Desde la evidencia, la llamada “presión percibida” resulta clave. “No importa tanto lo que el adulto cree que está transmitiendo, sino cómo el niño lo interpreta. Aunque la intención sea positiva, si el mensaje se vive como exigencia, el efecto es negativo”, sostiene.
Estudios en psicología del deporte muestran que la alta presión parental se asocia a mayores niveles de ansiedad competitiva y al abandono deportivo temprano. Investigaciones internacionales estiman que cerca del 30% de los jóvenes deja el deporte, siendo la presión externa uno de los factores más mencionados. En contraste, los entornos motivacionales orientados a la tarea —esfuerzo, aprendizaje y mejora personal— presentan mayores índices de compromiso y disfrute.
El resultado no define a la persona
Para la especialista, uno de los errores más frecuentes es centrar la experiencia deportiva en algo que el niño o joven no controla completamente. “El resultado no depende al 100% del deportista. Cuando ponemos el foco ahí, aumentamos la frustración y el miedo al error, lo que termina afectando incluso la performance”, afirma.
Ortiz aclara que desear ganar es parte inherente del deporte y no constituye un problema en sí mismo. “Lo negativo es cuando el resultado se transforma en una medida de valía personal o en una condición para recibir aprobación. Paradójicamente, mientras más presión ponemos para que el resultado ocurra, más se aleja, porque para rendir de manera consistente el foco debe estar en el disfrute y la atención al juego”, dice la académica de la UNAB.
Familia como educadora emocional
La influencia familiar es innegable y va mucho más allá del apoyo logístico. Cada gesto, comentario o reacción tras una competencia transmite mensajes que el niño internaliza. “La familia educa emocionalmente en cada partido. Enseña a ganar, pero sobre todo a perder”, recalca la directora académica del Instituto del Deporte y Bienestar UNAB.
Cuando el clima familiar se ve condicionado por el marcador —celebración si se gana, silencio o tensión si se pierde—, el mensaje es claro. “Ahí el niño aprende que el afecto depende del resultado, y eso impacta directamente en su motivación y confianza”, agrega.
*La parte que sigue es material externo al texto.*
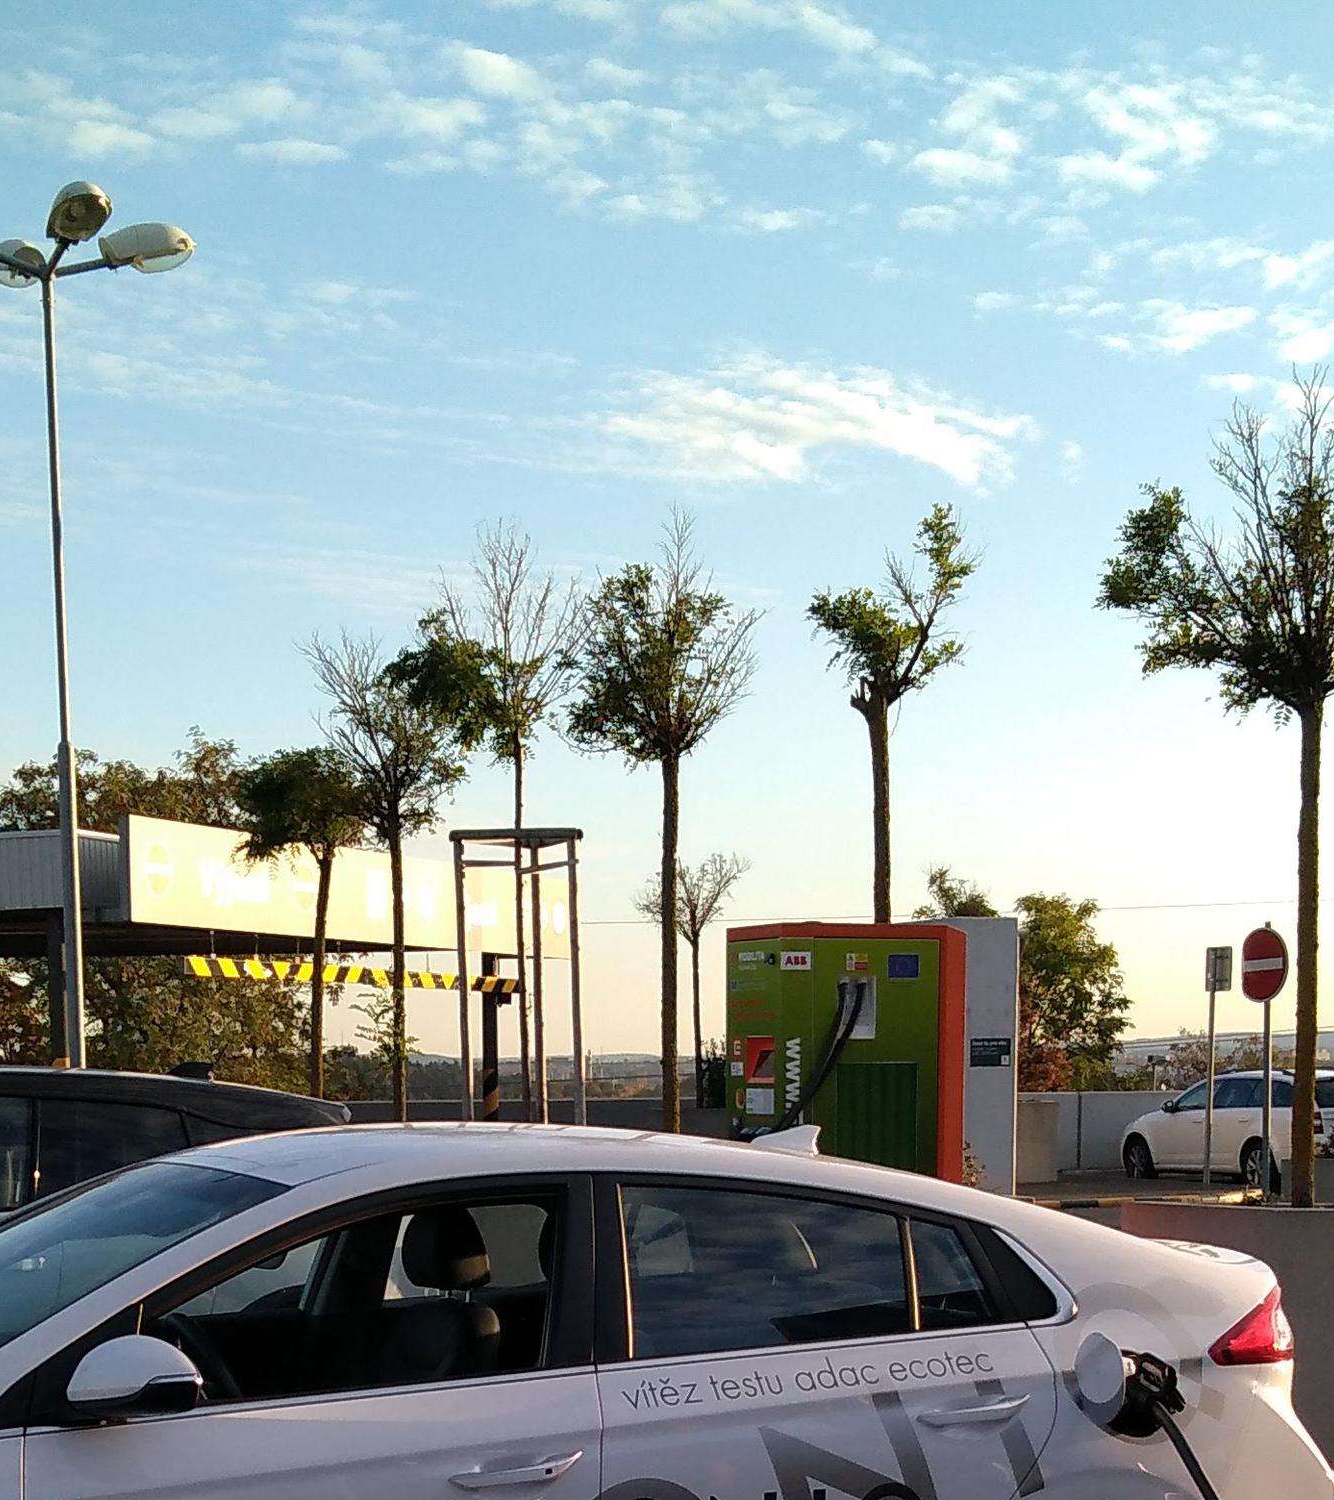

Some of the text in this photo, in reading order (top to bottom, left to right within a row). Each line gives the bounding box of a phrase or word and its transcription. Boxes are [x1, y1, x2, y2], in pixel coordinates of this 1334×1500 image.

[785, 956, 807, 966] ABB
[622, 1350, 995, 1409] vítěz testu adac ecotec
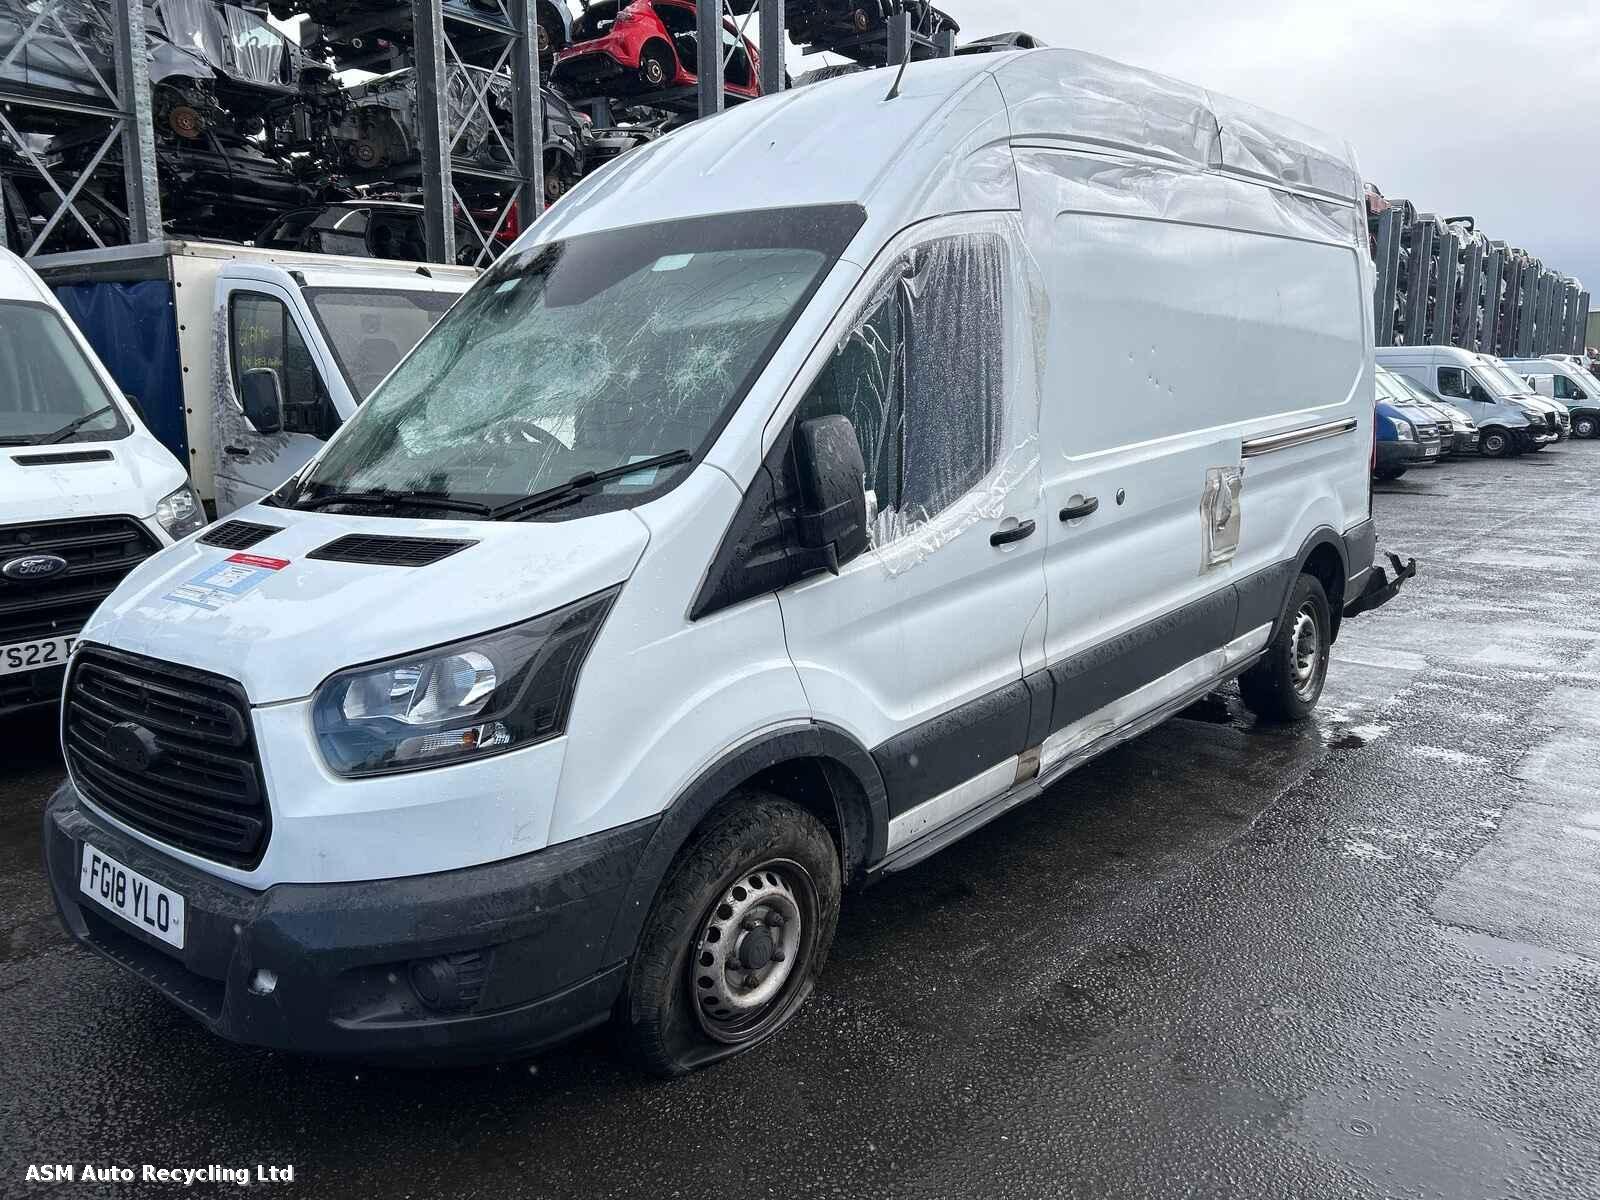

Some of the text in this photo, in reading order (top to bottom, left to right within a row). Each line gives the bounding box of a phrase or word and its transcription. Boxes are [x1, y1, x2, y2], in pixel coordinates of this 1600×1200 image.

Claves para un apoyo saludable
Entre las principales recomendaciones, Ortiz enfatiza reforzar el esfuerzo por sobre el resultado y separar rendimiento de identidad. “El niño no es su desempeño. Es una persona que está aprendiendo”, subraya. También llama a evitar convertirse en “entrenador desde la tribuna”: “El rol de madres y padres es ser modelo y soporte emocional, no dar instrucciones técnicas ni corregir”.
Regular los comentarios posteriores a la competencia, fomentar la autonomía y cuidar el lenguaje son otras claves fundamentales. “Transmitir un ‘estoy contigo independiente del resultado’ genera seguridad y fortalece la motivación intrínseca”, añade.
Como planteaba Carl Rogers, las personas crecen cuando se sienten valoradas por quienes son. En el deporte, ese principio puede marcar la diferencia entre un niño que disfruta y uno que aprende a temer. Porque, al final, no se trata solo de formar deportistas, sino personas para la vida.